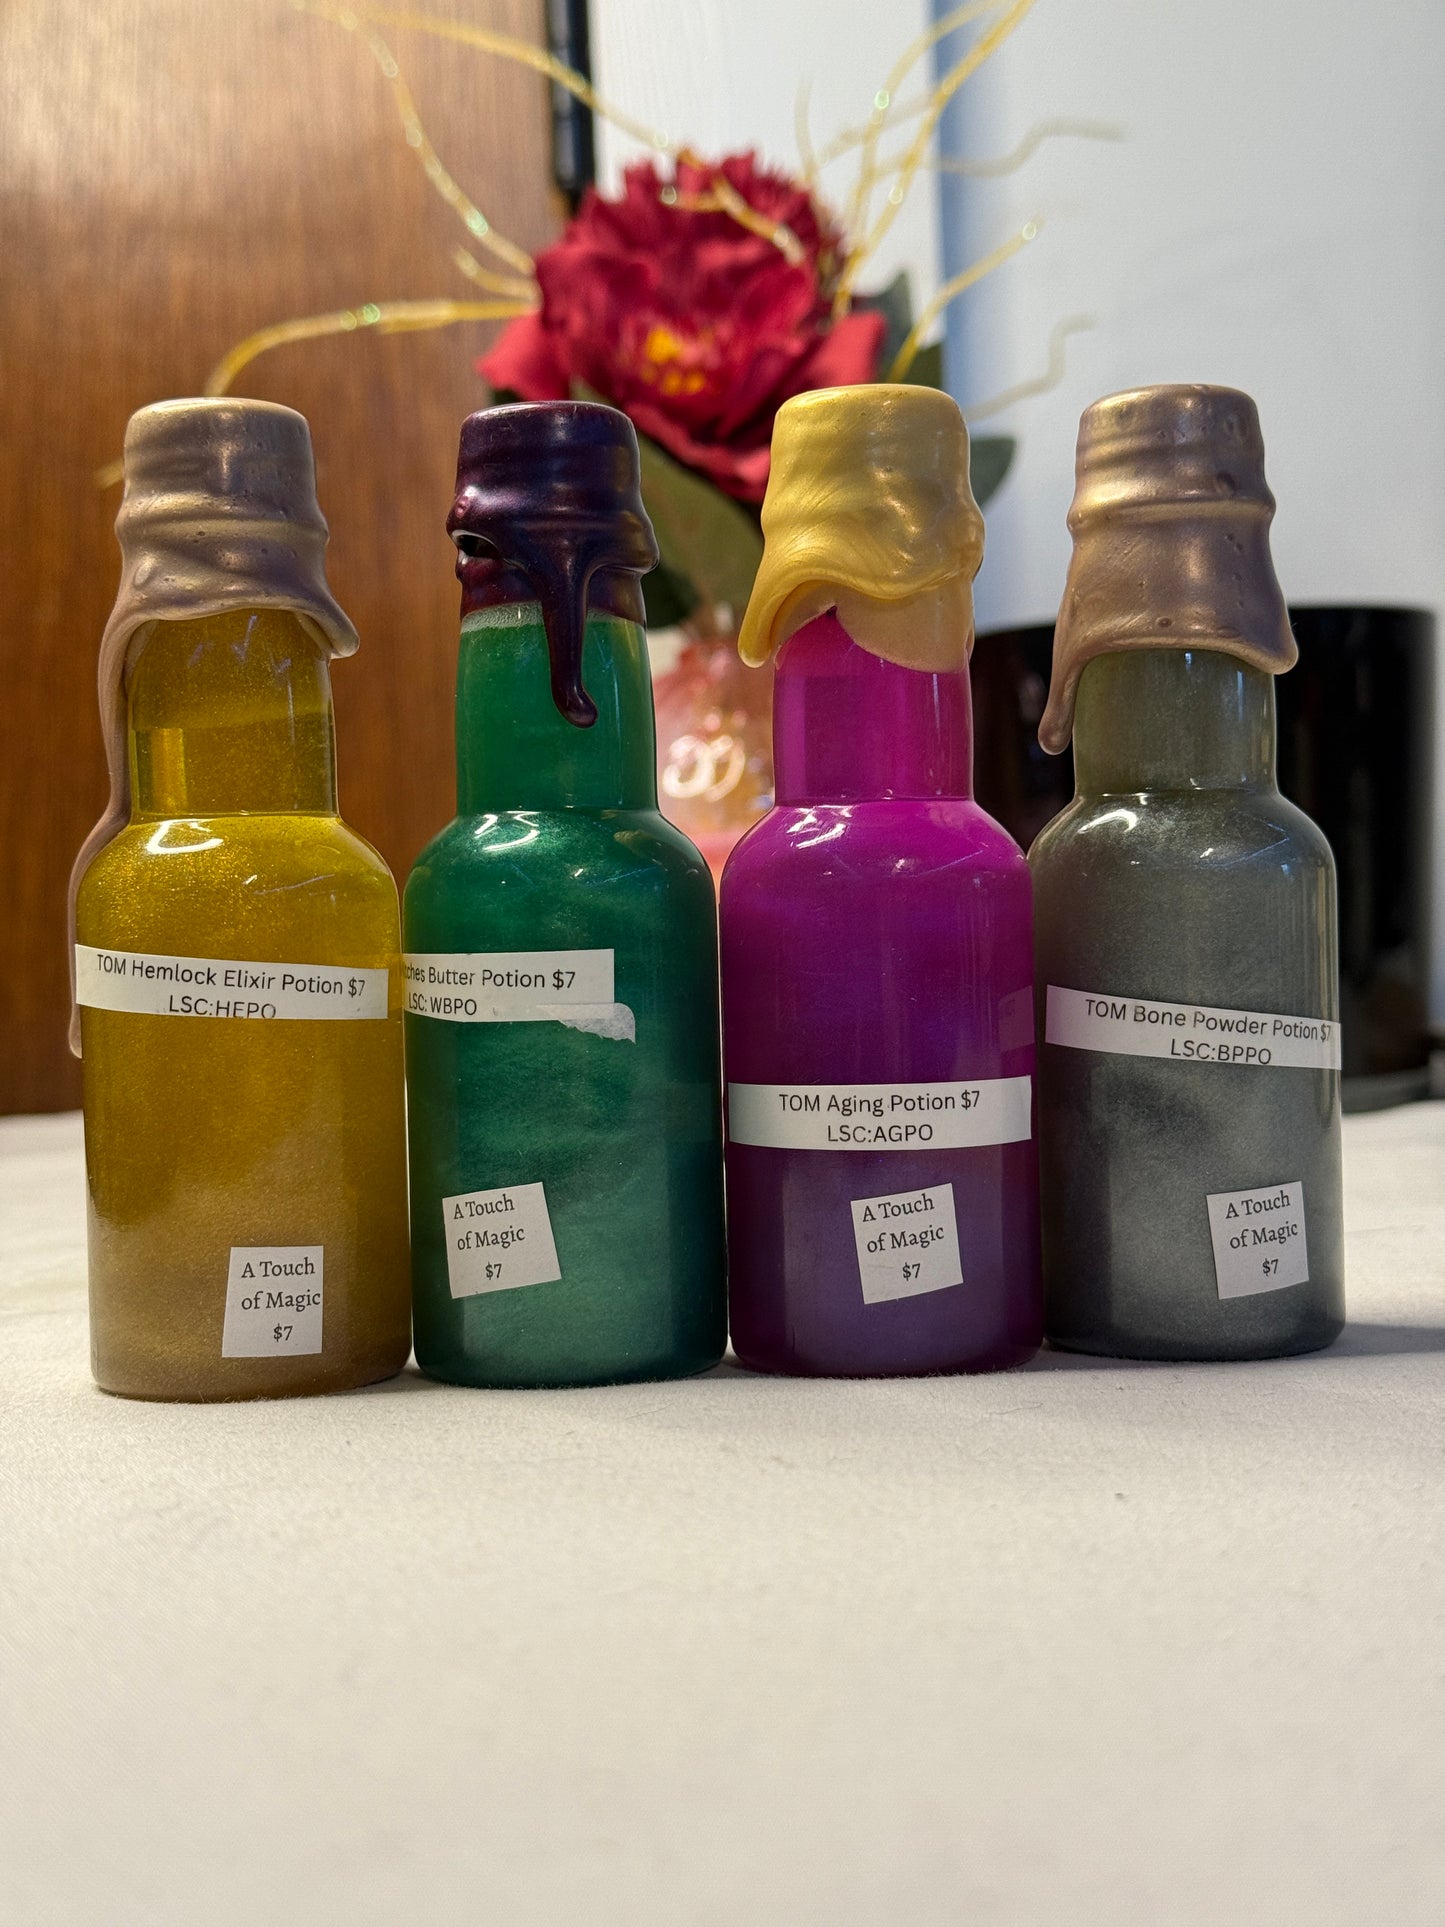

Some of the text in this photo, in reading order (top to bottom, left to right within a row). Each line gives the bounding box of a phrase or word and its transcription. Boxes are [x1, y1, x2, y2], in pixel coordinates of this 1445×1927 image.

[97, 954, 366, 997] TOM Hemlock Elixir Potion $7
[428, 966, 476, 986] Butter
[482, 969, 545, 988] Potion
[552, 969, 576, 990] $7
[408, 992, 477, 1016] LSC: WBPO
[1086, 999, 1332, 1043] TOM Bone Powder Potion $7
[1170, 1038, 1272, 1065] LSC:BPPO
[778, 1090, 981, 1117] TOM Aging Potion $7
[827, 1124, 933, 1143] LSC:AGPO
[453, 1193, 515, 1219] A Touch
[862, 1193, 935, 1222] A Touch
[1225, 1190, 1291, 1219] A Touch
[457, 1225, 526, 1250] of Magic
[867, 1224, 945, 1253] of Magic
[1229, 1221, 1298, 1249] of Magic
[241, 1256, 315, 1278] A Touch
[485, 1261, 502, 1280] $7
[902, 1262, 921, 1281] $7
[1262, 1258, 1279, 1276] $7
[241, 1289, 321, 1312] of Magic
[273, 1323, 293, 1342] $7

○ ○ ○ ○

▶ _Task brief_: Could you output all of the entries above exactly? Leave the pictures out.

▶ _Completed exercise_:
Some of the text in this photo, in reading order (top to bottom, left to right within a row). Each line gives the bounding box of a phrase or word and its transcription. Boxes are [x1, y1, x2, y2], in pixel coordinates of this 1445×1927 image.

[97, 954, 366, 997] TOM Hemlock Elixir Potion $7
[428, 966, 476, 986] Butter
[482, 969, 545, 988] Potion
[552, 969, 576, 990] $7
[408, 992, 477, 1016] LSC: WBPO
[1086, 999, 1332, 1043] TOM Bone Powder Potion $7
[1170, 1038, 1272, 1065] LSC:BPPO
[778, 1090, 981, 1117] TOM Aging Potion $7
[827, 1124, 933, 1143] LSC:AGPO
[453, 1193, 515, 1219] A Touch
[862, 1193, 935, 1222] A Touch
[1225, 1190, 1291, 1219] A Touch
[457, 1225, 526, 1250] of Magic
[867, 1224, 945, 1253] of Magic
[1229, 1221, 1298, 1249] of Magic
[241, 1256, 315, 1278] A Touch
[485, 1261, 502, 1280] $7
[902, 1262, 921, 1281] $7
[1262, 1258, 1279, 1276] $7
[241, 1289, 321, 1312] of Magic
[273, 1323, 293, 1342] $7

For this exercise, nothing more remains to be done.